*** Opening GIVEN RECORDS ***

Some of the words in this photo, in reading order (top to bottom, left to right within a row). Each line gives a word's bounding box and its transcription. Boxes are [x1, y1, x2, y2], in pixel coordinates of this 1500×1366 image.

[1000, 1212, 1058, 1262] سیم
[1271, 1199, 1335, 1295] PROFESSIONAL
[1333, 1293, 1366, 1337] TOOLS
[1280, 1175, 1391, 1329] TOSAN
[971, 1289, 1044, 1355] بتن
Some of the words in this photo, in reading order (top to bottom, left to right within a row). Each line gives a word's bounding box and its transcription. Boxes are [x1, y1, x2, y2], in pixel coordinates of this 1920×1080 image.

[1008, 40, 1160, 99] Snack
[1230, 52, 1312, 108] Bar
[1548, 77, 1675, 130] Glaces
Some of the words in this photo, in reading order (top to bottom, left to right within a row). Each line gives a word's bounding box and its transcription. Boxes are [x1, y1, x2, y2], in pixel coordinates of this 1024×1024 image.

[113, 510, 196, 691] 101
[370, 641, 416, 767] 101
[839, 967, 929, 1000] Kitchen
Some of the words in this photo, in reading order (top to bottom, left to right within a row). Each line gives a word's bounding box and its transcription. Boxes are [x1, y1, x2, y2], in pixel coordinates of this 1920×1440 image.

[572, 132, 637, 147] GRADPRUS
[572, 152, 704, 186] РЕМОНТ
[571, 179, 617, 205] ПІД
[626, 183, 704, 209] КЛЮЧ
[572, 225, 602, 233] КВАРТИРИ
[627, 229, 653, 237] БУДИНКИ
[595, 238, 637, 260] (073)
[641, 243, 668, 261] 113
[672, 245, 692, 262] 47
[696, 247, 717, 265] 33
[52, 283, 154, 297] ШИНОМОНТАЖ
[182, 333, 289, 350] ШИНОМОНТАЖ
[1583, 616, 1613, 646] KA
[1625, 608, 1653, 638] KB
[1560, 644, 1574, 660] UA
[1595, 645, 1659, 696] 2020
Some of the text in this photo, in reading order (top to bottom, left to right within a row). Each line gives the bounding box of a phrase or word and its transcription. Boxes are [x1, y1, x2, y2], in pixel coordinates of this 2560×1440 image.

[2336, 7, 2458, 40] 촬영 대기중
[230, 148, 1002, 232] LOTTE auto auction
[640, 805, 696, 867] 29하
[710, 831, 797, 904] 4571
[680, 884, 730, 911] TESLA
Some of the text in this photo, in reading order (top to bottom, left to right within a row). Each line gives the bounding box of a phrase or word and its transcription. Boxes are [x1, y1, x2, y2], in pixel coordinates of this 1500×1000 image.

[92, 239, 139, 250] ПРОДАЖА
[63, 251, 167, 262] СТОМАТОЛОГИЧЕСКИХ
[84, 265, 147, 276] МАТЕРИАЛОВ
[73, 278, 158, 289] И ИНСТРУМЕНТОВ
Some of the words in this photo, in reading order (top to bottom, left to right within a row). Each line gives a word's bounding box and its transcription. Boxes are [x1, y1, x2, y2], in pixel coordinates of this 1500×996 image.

*** Closing GIVEN RECORDS ***

All the entries are to be set down exactly as they appear.

▶ RESULT OF THIS TASK
Some of the words in this photo, in reading order (top to bottom, left to right within a row). Each line gives a word's bounding box and its transcription. Boxes are [x1, y1, x2, y2], in pixel coordinates of this 1500×1366 image.

[1000, 1212, 1058, 1262] سیم
[1271, 1199, 1335, 1295] PROFESSIONAL
[1333, 1293, 1366, 1337] TOOLS
[1280, 1175, 1391, 1329] TOSAN
[971, 1289, 1044, 1355] بتن
Some of the words in this photo, in reading order (top to bottom, left to right within a row). Each line gives a word's bounding box and its transcription. Boxes are [x1, y1, x2, y2], in pixel coordinates of this 1920×1080 image.

[1008, 40, 1160, 99] Snack
[1230, 52, 1312, 108] Bar
[1548, 77, 1675, 130] Glaces
Some of the words in this photo, in reading order (top to bottom, left to right within a row). Each line gives a word's bounding box and its transcription. Boxes are [x1, y1, x2, y2], in pixel coordinates of this 1024×1024 image.

[113, 510, 196, 691] 101
[370, 641, 416, 767] 101
[839, 967, 929, 1000] Kitchen
Some of the words in this photo, in reading order (top to bottom, left to right within a row). Each line gives a word's bounding box and its transcription. Boxes are [x1, y1, x2, y2], in pixel coordinates of this 1920×1440 image.

[572, 132, 637, 147] GRADPRUS
[572, 152, 704, 186] РЕМОНТ
[571, 179, 617, 205] ПІД
[626, 183, 704, 209] КЛЮЧ
[572, 225, 602, 233] КВАРТИРИ
[627, 229, 653, 237] БУДИНКИ
[595, 238, 637, 260] (073)
[641, 243, 668, 261] 113
[672, 245, 692, 262] 47
[696, 247, 717, 265] 33
[52, 283, 154, 297] ШИНОМОНТАЖ
[182, 333, 289, 350] ШИНОМОНТАЖ
[1583, 616, 1613, 646] KA
[1625, 608, 1653, 638] KB
[1560, 644, 1574, 660] UA
[1595, 645, 1659, 696] 2020
Some of the text in this photo, in reading order (top to bottom, left to right within a row). Each line gives the bounding box of a phrase or word and its transcription. Boxes are [x1, y1, x2, y2], in pixel coordinates of this 2560×1440 image.

[2336, 7, 2458, 40] 촬영 대기중
[230, 148, 1002, 232] LOTTE auto auction
[640, 805, 696, 867] 29하
[710, 831, 797, 904] 4571
[680, 884, 730, 911] TESLA
Some of the text in this photo, in reading order (top to bottom, left to right within a row). Each line gives the bounding box of a phrase or word and its transcription. Boxes are [x1, y1, x2, y2], in pixel coordinates of this 1500×1000 image.

[92, 239, 139, 250] ПРОДАЖА
[63, 251, 167, 262] СТОМАТОЛОГИЧЕСКИХ
[84, 265, 147, 276] МАТЕРИАЛОВ
[73, 278, 158, 289] И ИНСТРУМЕНТОВ
Some of the words in this photo, in reading order (top to bottom, left to right within a row). Each line gives a word's bounding box and its transcription. Boxes are [x1, y1, x2, y2], in pixel coordinates of this 1500×996 image.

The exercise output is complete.